:: ASSIGNMENT ::
The data below should be transcribed in full, with no picture included.

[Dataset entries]
-- Opening Marker --

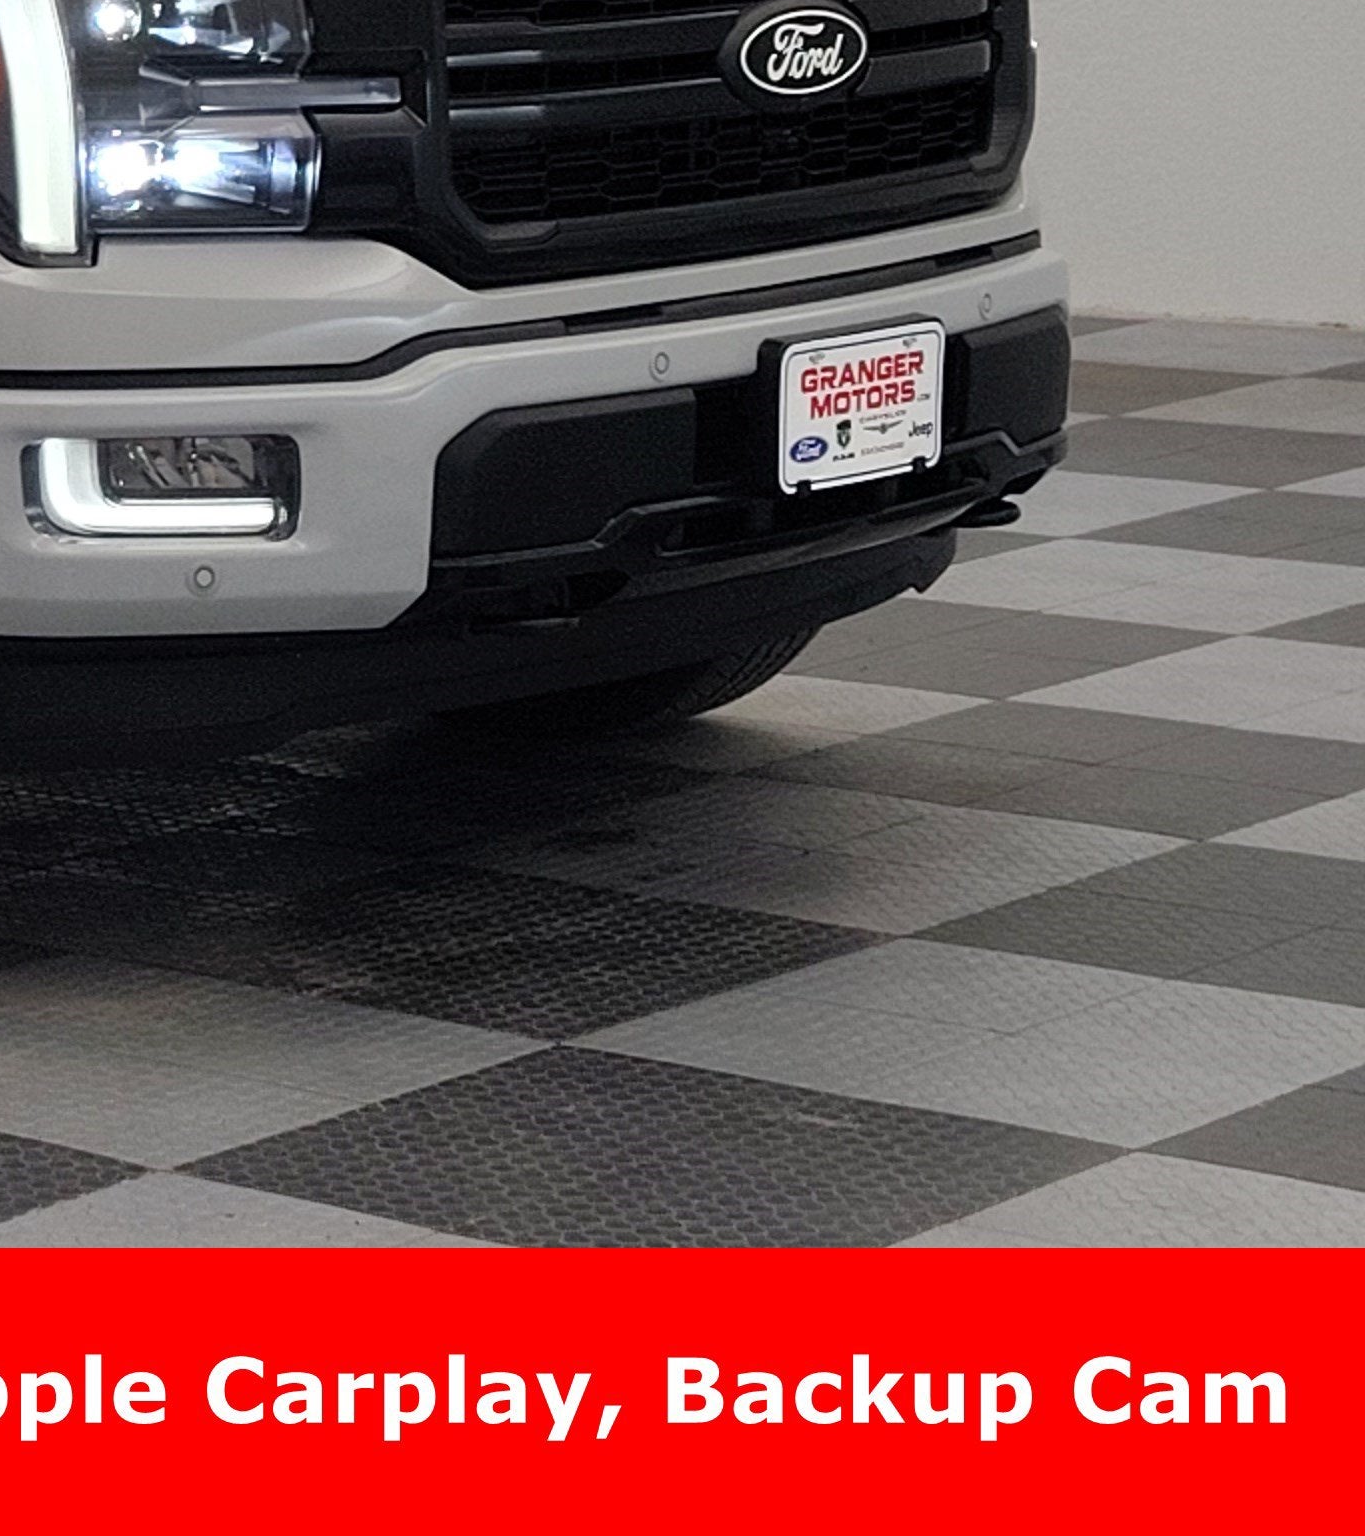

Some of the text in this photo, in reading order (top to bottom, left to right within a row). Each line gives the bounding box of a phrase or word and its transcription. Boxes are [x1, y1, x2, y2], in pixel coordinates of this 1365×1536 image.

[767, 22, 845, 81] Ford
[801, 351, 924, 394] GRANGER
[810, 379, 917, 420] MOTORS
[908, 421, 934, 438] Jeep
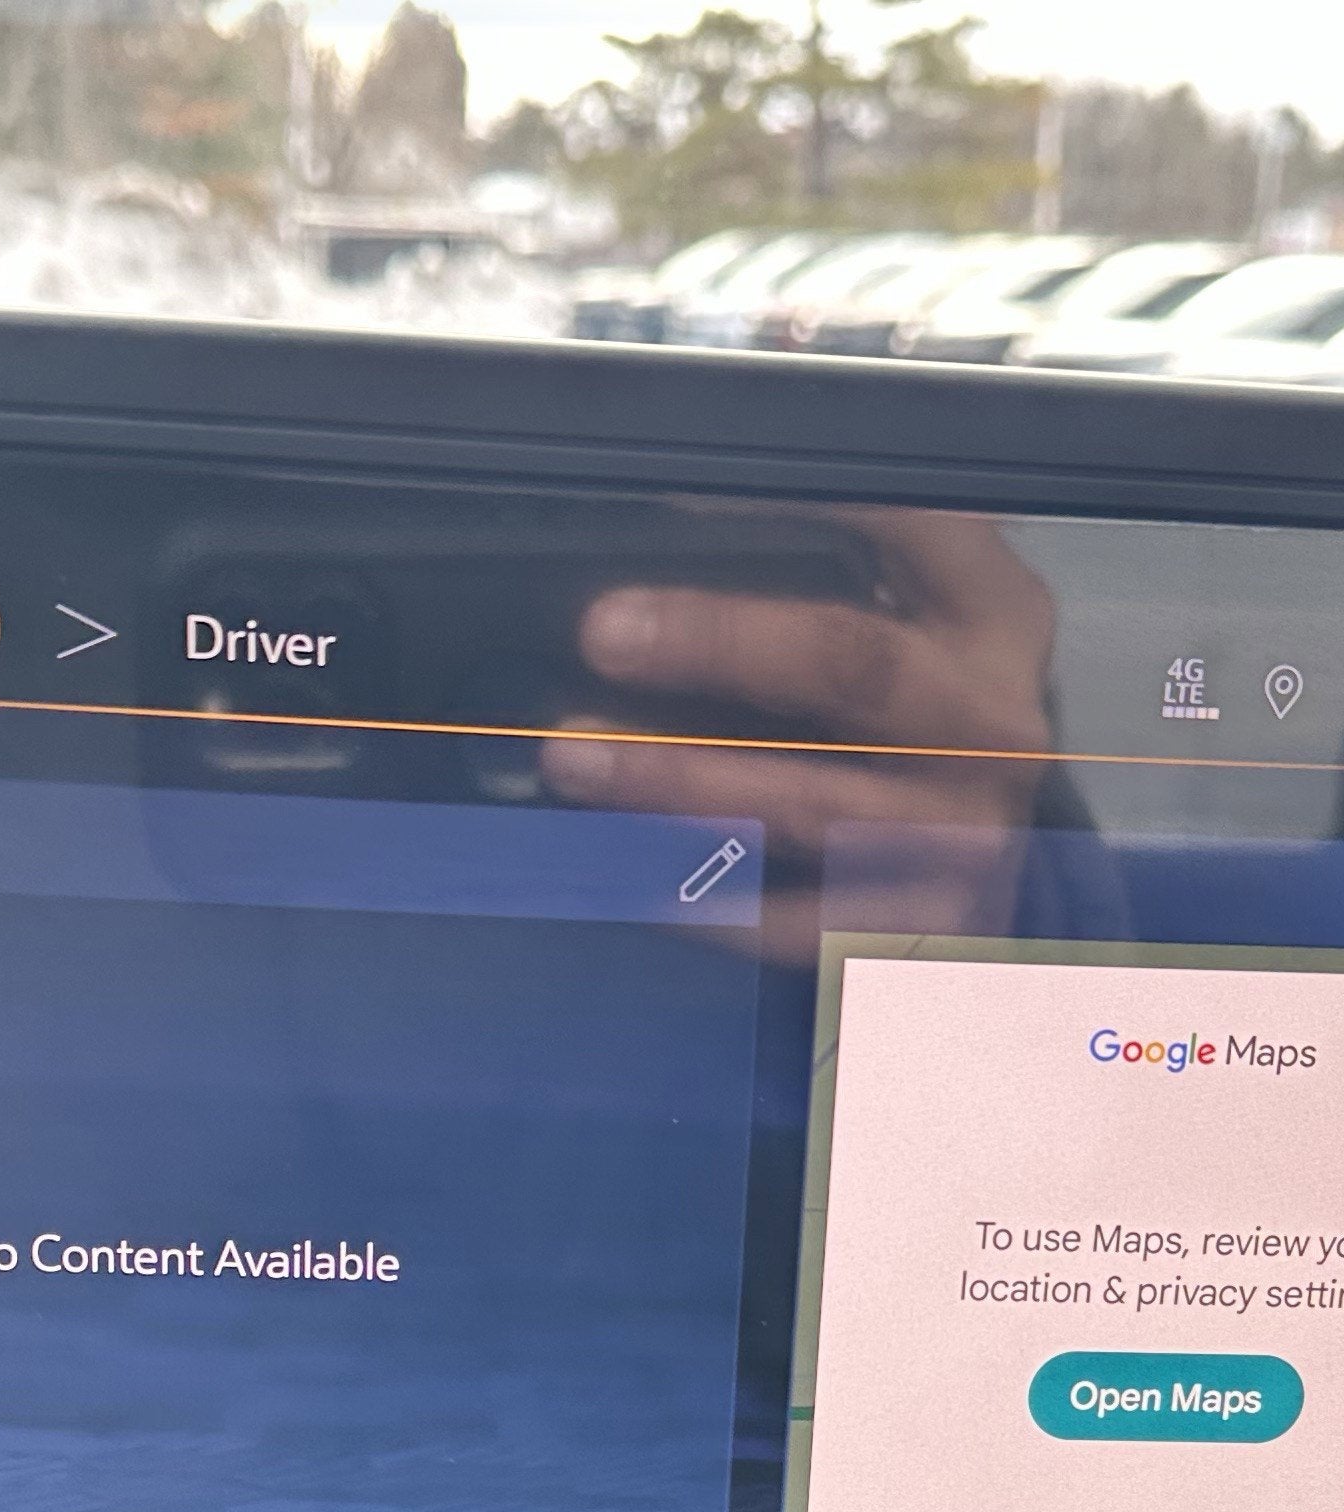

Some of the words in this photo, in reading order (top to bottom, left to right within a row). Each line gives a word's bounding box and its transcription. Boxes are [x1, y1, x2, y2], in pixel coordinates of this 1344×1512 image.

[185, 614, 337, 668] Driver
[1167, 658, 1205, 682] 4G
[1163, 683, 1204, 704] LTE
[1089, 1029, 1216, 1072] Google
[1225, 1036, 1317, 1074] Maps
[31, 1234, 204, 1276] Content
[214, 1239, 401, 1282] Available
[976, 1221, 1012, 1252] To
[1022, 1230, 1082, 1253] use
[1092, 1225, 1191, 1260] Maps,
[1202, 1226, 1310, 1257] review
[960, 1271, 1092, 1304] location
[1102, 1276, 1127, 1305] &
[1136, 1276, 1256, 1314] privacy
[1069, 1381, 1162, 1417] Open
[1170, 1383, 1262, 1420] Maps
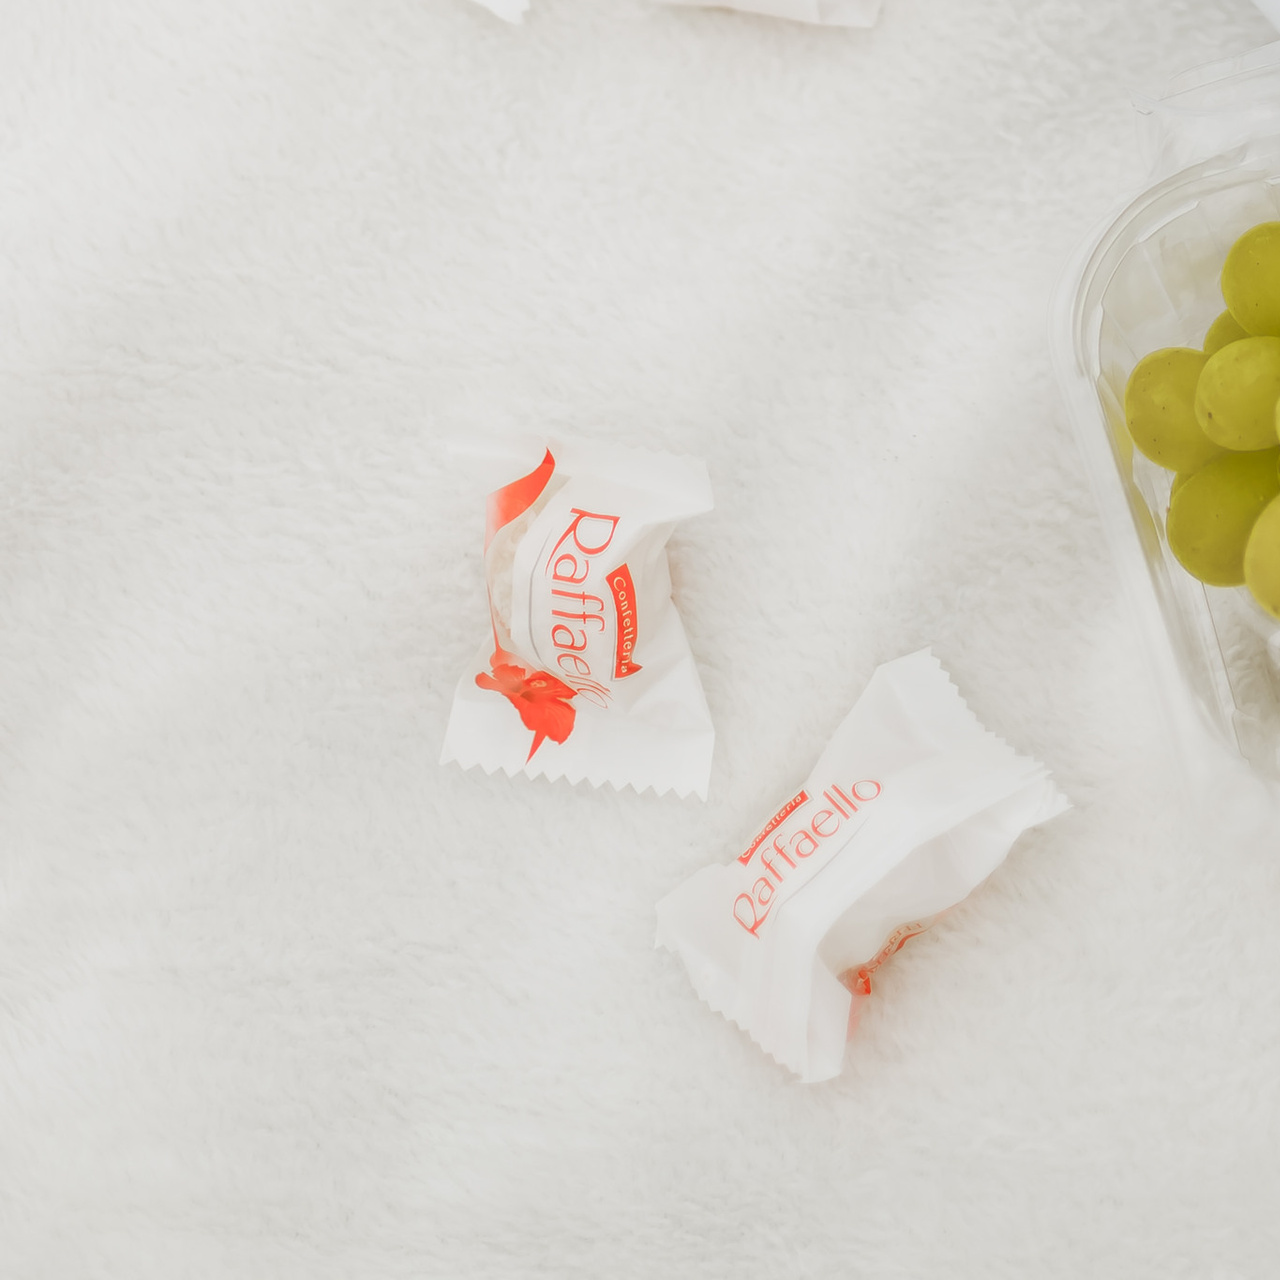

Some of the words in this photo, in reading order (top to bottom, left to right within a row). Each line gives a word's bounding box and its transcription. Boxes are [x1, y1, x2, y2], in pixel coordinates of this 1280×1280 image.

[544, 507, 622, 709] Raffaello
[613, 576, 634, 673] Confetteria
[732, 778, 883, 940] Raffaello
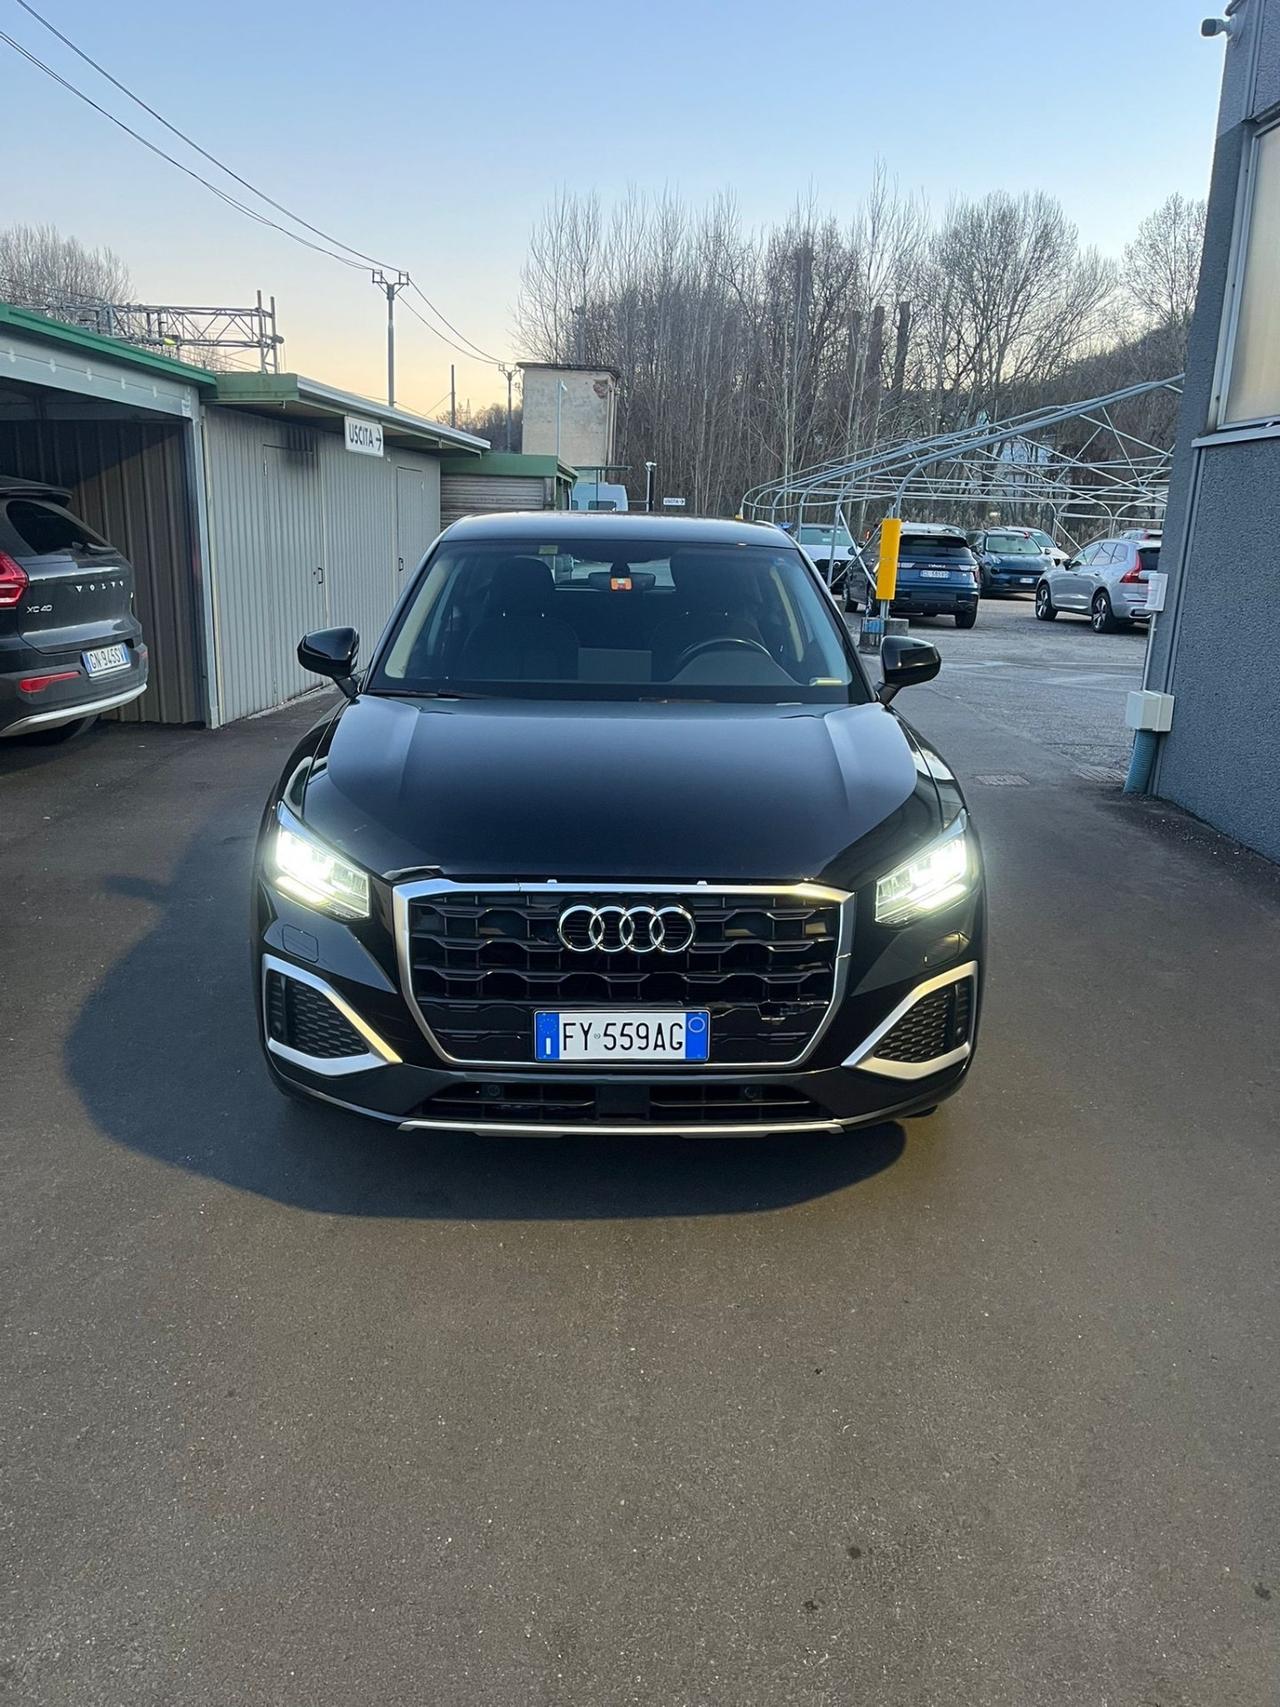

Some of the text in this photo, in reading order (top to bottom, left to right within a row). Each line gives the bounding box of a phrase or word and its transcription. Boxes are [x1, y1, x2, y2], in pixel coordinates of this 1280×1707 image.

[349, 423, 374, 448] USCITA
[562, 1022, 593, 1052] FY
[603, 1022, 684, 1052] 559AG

-- Closing Marker --

:: SOLUTION ::
Some of the text in this photo, in reading order (top to bottom, left to right within a row). Each line gives the bounding box of a phrase or word and its transcription. Boxes are [x1, y1, x2, y2], in pixel coordinates of this 1365×1536 image.

[767, 22, 845, 81] Ford
[801, 351, 924, 394] GRANGER
[810, 379, 917, 420] MOTORS
[908, 421, 934, 438] Jeep

Some of the words in this photo, in reading order (top to bottom, left to right within a row). Each line gives a word's bounding box and its transcription. Boxes are [x1, y1, x2, y2], in pixel coordinates of this 1344×1512 image.

[185, 614, 337, 668] Driver
[1167, 658, 1205, 682] 4G
[1163, 683, 1204, 704] LTE
[1089, 1029, 1216, 1072] Google
[1225, 1036, 1317, 1074] Maps
[31, 1234, 204, 1276] Content
[214, 1239, 401, 1282] Available
[976, 1221, 1012, 1252] To
[1022, 1230, 1082, 1253] use
[1092, 1225, 1191, 1260] Maps,
[1202, 1226, 1310, 1257] review
[960, 1271, 1092, 1304] location
[1102, 1276, 1127, 1305] &
[1136, 1276, 1256, 1314] privacy
[1069, 1381, 1162, 1417] Open
[1170, 1383, 1262, 1420] Maps

Some of the words in this photo, in reading order (top to bottom, left to right within a row). Each line gives a word's bounding box and its transcription. Boxes are [x1, y1, x2, y2], in pixel coordinates of this 1280×1280 image.

[544, 507, 622, 709] Raffaello
[613, 576, 634, 673] Confetteria
[732, 778, 883, 940] Raffaello

Some of the text in this photo, in reading order (top to bottom, left to right within a row). Each line gives the bounding box of a phrase or word and its transcription. Boxes are [x1, y1, x2, y2], in pixel coordinates of this 1280×1707 image.

[349, 423, 374, 448] USCITA
[562, 1022, 593, 1052] FY
[603, 1022, 684, 1052] 559AG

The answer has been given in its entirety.